Our proposal consists of the core elements of the plan that President
Bush outlined during his campaign for the Presidency. There are three
principle components: Lower income tax rates for all Americans, relief
from the marriage tax penalty, and repeal of the death tax. The bill
replaces the current tax rate structure with rates of 10, 15, 25, and 33
percent. Lower income Americans get a larger percentage cut in rates,
higher income Americans get a smaller reduction, but obviously this is a
tax cut for taxpayers.
The next provision of the bill begins the effort to repeal the
marriage penalty. There is no reason in America that people who
need
and fall in love should have to pay $1,400 a year in additional taxes as
the price of getting married. Sen. Miller and I are for love and
marriage, and /we don't think they ought to be taxed.
The final major provision of the bill is repeal of the death tax. A
death tax is double taxation in which people work their whole lives,
build up a business or a family farm, and pay taxes on every penny they
earn. Yet when they die, their children have to sell the business or the
family farm in order to give the government up to 55 cents out of every
dollar of its value. This is fundamentally unfair.

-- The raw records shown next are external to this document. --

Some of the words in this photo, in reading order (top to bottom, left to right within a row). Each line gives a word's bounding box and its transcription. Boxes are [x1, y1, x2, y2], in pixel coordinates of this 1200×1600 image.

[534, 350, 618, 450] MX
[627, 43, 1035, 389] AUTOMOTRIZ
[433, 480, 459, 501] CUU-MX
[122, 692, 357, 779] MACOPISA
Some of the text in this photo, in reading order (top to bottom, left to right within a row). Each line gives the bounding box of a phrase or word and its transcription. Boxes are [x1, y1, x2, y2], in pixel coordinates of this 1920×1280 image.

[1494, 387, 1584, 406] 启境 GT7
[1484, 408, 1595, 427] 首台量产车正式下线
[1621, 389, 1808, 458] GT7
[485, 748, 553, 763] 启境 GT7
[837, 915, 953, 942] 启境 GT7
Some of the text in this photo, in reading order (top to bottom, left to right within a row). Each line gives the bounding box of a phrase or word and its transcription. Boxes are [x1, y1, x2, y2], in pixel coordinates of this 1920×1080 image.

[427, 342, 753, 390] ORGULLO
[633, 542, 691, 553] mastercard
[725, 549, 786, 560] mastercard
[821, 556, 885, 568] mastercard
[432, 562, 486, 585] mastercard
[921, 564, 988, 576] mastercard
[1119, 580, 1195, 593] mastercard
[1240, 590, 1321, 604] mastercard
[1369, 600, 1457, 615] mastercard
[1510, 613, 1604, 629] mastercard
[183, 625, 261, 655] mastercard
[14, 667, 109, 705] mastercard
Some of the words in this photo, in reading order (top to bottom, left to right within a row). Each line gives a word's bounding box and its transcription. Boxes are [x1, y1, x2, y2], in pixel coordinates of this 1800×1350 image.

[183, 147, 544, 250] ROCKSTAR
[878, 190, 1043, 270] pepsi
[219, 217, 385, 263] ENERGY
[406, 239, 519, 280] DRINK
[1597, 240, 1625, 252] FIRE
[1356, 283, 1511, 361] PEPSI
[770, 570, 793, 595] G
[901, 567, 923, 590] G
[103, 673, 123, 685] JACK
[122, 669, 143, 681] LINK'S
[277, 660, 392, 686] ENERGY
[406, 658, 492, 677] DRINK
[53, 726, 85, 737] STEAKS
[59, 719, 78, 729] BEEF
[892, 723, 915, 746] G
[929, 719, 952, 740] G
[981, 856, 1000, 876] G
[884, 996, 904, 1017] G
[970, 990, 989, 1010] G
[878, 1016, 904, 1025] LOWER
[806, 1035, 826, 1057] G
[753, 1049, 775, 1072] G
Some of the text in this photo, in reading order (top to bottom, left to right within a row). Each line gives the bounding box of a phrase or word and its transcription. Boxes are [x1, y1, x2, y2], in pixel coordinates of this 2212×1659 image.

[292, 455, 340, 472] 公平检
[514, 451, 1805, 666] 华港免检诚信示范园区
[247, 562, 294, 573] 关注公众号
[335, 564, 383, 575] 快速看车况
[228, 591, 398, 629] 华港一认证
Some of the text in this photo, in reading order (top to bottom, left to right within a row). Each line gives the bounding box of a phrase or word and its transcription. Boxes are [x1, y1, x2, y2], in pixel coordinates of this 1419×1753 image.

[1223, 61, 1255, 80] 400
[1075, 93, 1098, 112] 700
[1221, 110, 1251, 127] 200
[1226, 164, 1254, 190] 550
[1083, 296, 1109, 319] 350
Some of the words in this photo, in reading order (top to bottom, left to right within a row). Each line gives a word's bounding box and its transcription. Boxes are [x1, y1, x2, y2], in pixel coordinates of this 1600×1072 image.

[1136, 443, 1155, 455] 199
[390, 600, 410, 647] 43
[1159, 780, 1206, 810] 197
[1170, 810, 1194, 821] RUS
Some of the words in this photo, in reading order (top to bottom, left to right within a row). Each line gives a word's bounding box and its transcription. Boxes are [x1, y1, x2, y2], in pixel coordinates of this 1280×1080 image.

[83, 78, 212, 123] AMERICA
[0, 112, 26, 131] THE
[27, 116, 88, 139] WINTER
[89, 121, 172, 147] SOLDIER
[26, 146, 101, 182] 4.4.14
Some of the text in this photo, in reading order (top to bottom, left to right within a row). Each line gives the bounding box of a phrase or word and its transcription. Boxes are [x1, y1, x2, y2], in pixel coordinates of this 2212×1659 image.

Finally, since our President was elected three things have happened,
and every one of them argues for this package of tax cuts. No. 1, the
economy is weaker and investment is falling off. Secondly, our estimates
of the budget surplus have gone up, not down. And lastly, that surplus
is being spent at an unprecedented rate.
We believe that Congress should enact the Bush tax plan, continue to
pay down the debt, and resist the urge to spend the tax surplus so that
we can return a portion of it to the working men and women who produced
it.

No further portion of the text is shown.